Der Bundesgerichtshof muss in der Dieselaffäre über die Pflicht von Händlern zur Ersatzlieferung befinden.
(Bild: Pressestelle Bundesgerichtshof)

Im VW-Abgasskandal befasst sich der Bundesgerichtshof (BGH) am 21. Juli zum ersten Mal mit Klagen betroffener Diesel-Besitzer gegen ihren Autohändler. Dann soll über vier Fälle verhandelt werden, in denen die Kläger für ihr altes Auto jeweils einen Neuwagen verlangen, wie die obersten Zivilrichter in Karlsruhe am Freitag mitteilten. (Az. VIII ZR 254/20 u.a.)

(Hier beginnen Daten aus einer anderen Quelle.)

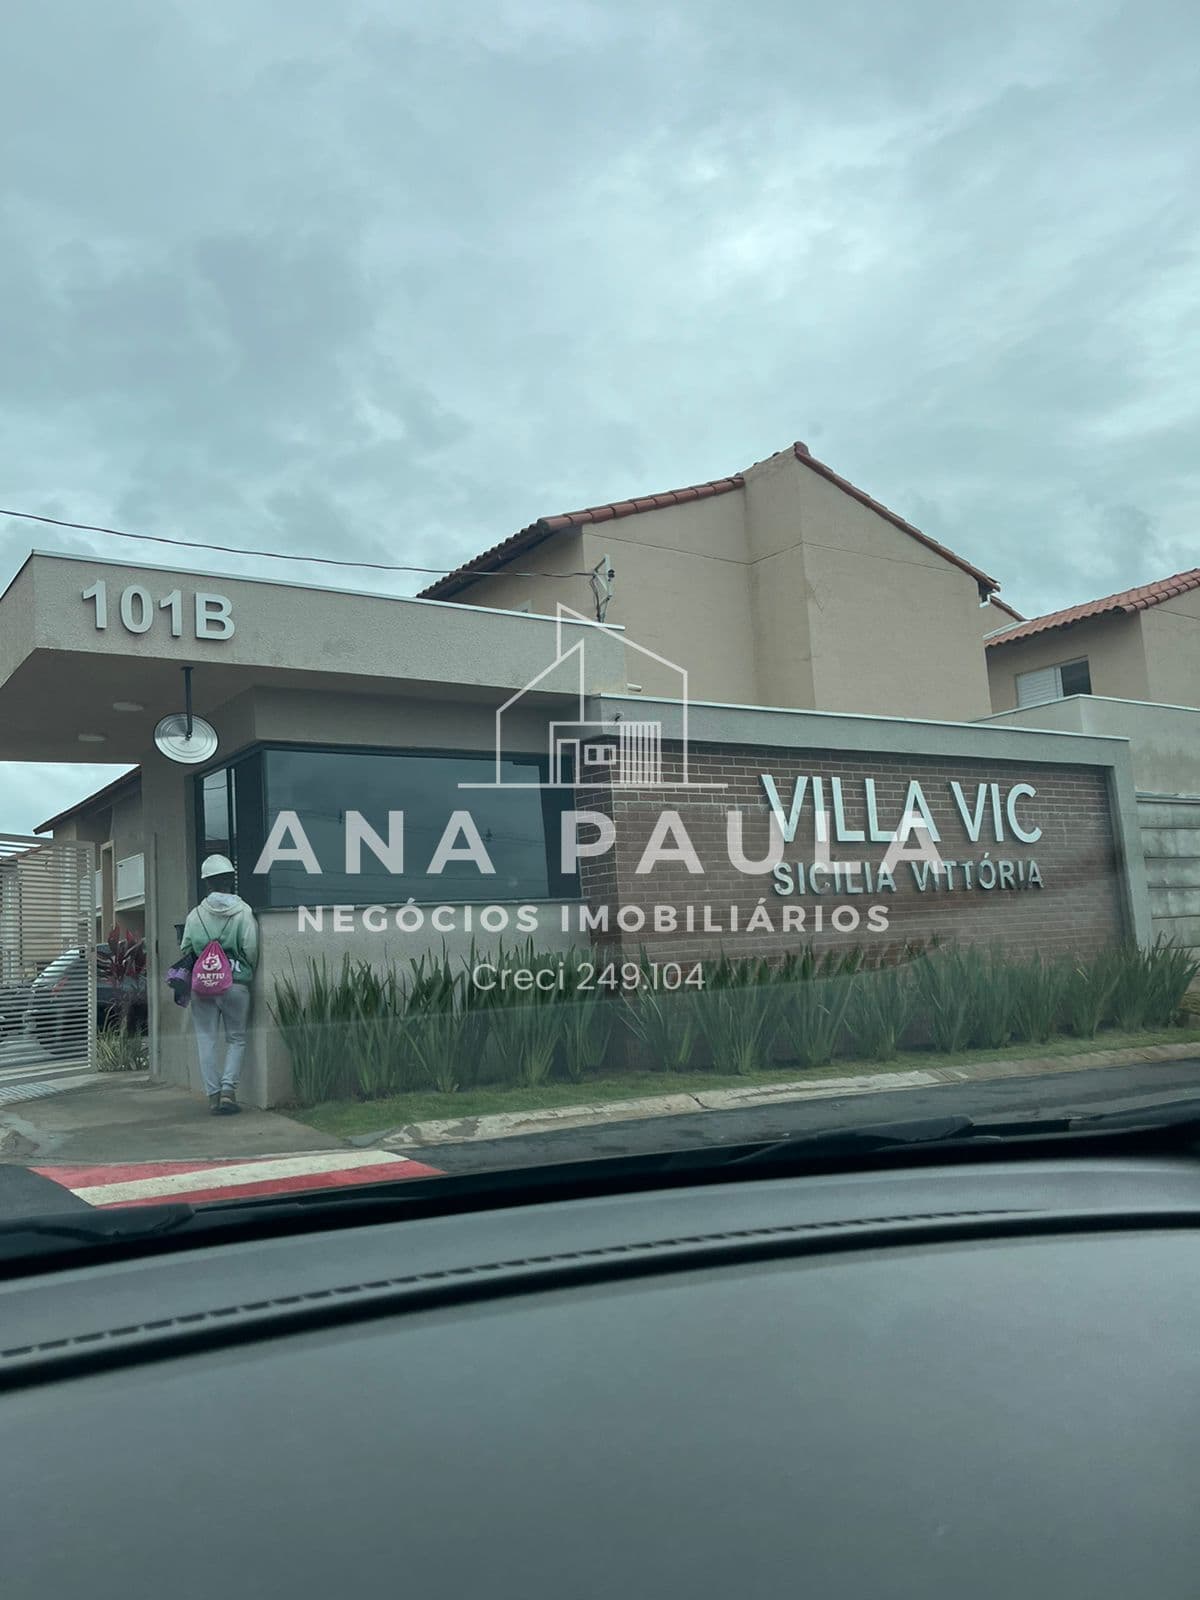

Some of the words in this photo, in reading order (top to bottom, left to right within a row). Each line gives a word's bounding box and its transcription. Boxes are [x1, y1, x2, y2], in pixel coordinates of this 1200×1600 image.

[82, 580, 236, 641] 101B
[760, 773, 942, 844] VILLA
[950, 780, 1043, 844] VIC
[772, 860, 897, 896] SICILIA
[910, 851, 1045, 891] VITTÓRIA

Der BGH hat seit Mai 2020 schon zahlreiche Urteile zum Diesel verkündet. Dabei ging es aber immer um Schadenersatz von Volkswagen als Hersteller. Für die Fälle jetzt ist ein anderer Senat, der VIII. Zivilsenat, zuständig. Er hatte sich bisher erst einmal, Anfang 2019, mit einem sogenannten Hinweisbeschluss zu Wort gemeldet.

Normalerweise haben Neuwagenkäufer in den ersten zwei Jahren ein Recht auf Ersatzlieferung. Sie können grundsätzlich wählen, ob der Händler den Mangel beheben oder das Auto austauschen soll.

Bei den vorliegenden Fällen gibt es zwei Besonderheiten: Zum einen hatten alle Käufer die Kraftfahrzeuge als Verbraucher erworben. Das heißt, im Falle einer Nachlieferung müssten sie für die Nutzung des zunächst gelieferten mangelhaften Fahrzeugs keinen Ersatz schulden (§ 474 Abs. 5 BGB aF bzw. § 475 Abs. 3 BGB nF).

Zum anderen waren die Autos bei Beginn des Rechtsstreits schon sieben oder acht Jahre alt. Die jeweiligen Verkäufer hatten die Verjährung aber nicht angeführt oder hatten auf die Einrede – auch soweit Verjährung bereits eingetreten war – sogar ausdrücklich verzichtet. Wegen der inzwischen verstrichenen langen Zeit sind die Modelle zudem inzwischen nicht mehr auf dem Markt, die Kläger könnten also nur ein neueres, oft teureres Modell als Ersatzlieferung bekommen.

In zwei Fällen aus dem Saarland und Schleswig-Holstein hatten die Oberlandesgerichte (OLG) den Austausch für unverhältnismäßig gehalten und die Kläger auf das Software-Update verwiesen. Das OLG Köln sprach den beiden anderen Klägern den geforderten Neuwagen zu: Es stehe nicht fest, dass durch das Update keine Probleme entstünden.